Recent research has uncovered critical vulnerabilities within the HTTP/2 protocol, enabling attackers to bypass established web security measures and execute arbitrary cross-site scripting (XSS) attacks on prominent websites. At the Network and Distributed System Security (NDSS) Symposium 2025, researchers from Tsinghua University introduced two novel attack vectors, termed CrossPUSH and CrossSXG, which exploit inherent weaknesses in HTTP/2 server push and Signed HTTP Exchange (SXG) mechanisms.
Understanding the Vulnerabilities
The core of these vulnerabilities lies in the disparity between how browsers define origin and how HTTP/2 defines authority. Browsers adhere to a strict same-origin policy (SOP), which restricts web pages from accessing resources across different domains unless they share the same scheme, host, and port. In contrast, HTTP/2 considers any domain listed in the SubjectAlternativeName (SAN) field of a TLS certificate as having the same authority. This inconsistency allows attackers to manipulate HTTP/2 headers to deliver malicious content that browsers mistakenly accept as originating from a trusted source.
Mechanics of CrossPUSH and CrossSXG Attacks
In CrossPUSH attacks, malicious servers exploit the `:authority` pseudo-header in HTTP/2 server push streams. By setting the `:authority` header to a domain listed in their shared certificate, attackers can push resources that browsers cache and later serve as if they were legitimate content from the victim domain. This method effectively injects malicious scripts into the victim’s web pages without direct interaction.
Similarly, CrossSXG attacks manipulate the `request-url` and `validity-url` headers in Signed HTTP Exchanges. By crafting these headers to falsely represent attacker-controlled content as originating from victim domains, browsers are deceived into executing malicious scripts under the guise of trusted sources.
Implications for Web Security
The discovery of these attack vectors has significant implications for web security. Large-scale testing revealed that 11 out of 14 major browsers, including Chrome and Edge, are vulnerable to at least one variant of these attacks. The threat extends beyond browsers to mobile applications, with popular apps like Instagram, WeChat, QQ Mail, Weibo, and TikTok all showing susceptibility.
The research also highlighted that vulnerable software libraries, particularly Chrome-Net, can expose applications to attacks even when they use secure WebKit implementations. This supply chain vulnerability indicates that security dependencies can cascade through multiple applications and platforms, amplifying the risk.
Exploitation Techniques
Attackers can acquire the shared certificates necessary for these attacks through various methods. Domain reselling operations allow attackers to register domains, issue shared certificates, and then sell the domains while retaining control over the certificates. Domain takeover techniques exploit dangling DNS records pointing to discontinued services, enabling certificate acquisition for victim domains.
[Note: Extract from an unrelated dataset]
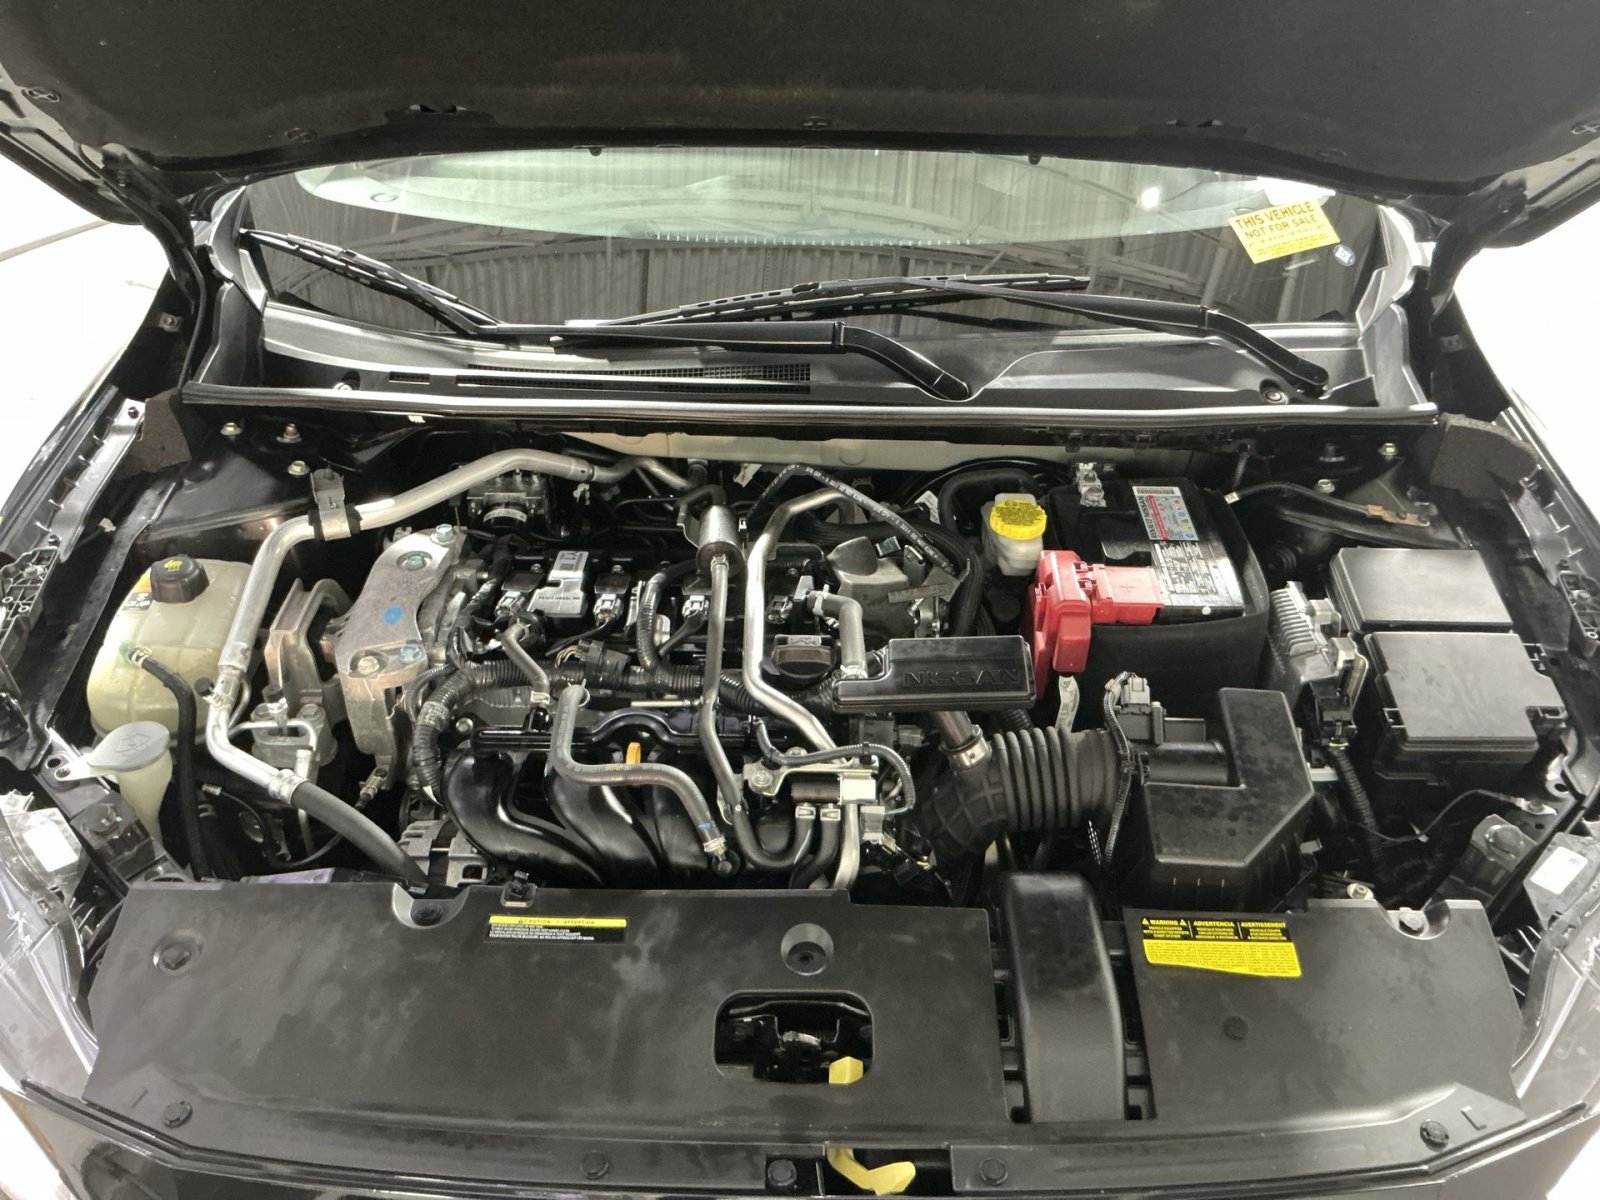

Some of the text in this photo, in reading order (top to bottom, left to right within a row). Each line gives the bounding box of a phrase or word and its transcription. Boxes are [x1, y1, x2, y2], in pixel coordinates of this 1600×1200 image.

Measurements revealed that over 11,741 domains in the Tranco Top 1M list had been resold within the attack window, while 4,919 dangling domains could be exploited for certificate acquisition. Notably, 829 of the top 1,000 websites share certificates with lower-ranked, potentially less secure domains, increasing their vulnerability to these attacks.
Mitigation Strategies
To mitigate these vulnerabilities, it is crucial to address the underlying inconsistencies between browser SOP and HTTP/2 authority definitions. Developers and system administrators should:
– Review and Update Certificate Practices: Ensure that TLS certificates are not shared across unrelated domains and regularly audit certificate usage to prevent unauthorized access.
– Implement Strict Content Security Policies (CSP): Define and enforce CSPs to restrict the sources from which scripts and other resources can be loaded, reducing the risk of malicious content execution.
– Enhance Input Validation and Output Encoding: Properly validate and sanitize all user inputs and outputs to prevent the injection of malicious scripts.
– Monitor and Patch Vulnerable Libraries: Regularly update and patch software libraries to address known vulnerabilities and reduce the attack surface.
Conclusion
The identification of CrossPUSH and CrossSXG attacks underscores the evolving nature of web security threats and the need for continuous vigilance. By understanding and addressing these vulnerabilities, developers and security professionals can better protect web applications and users from sophisticated cross-origin attacks.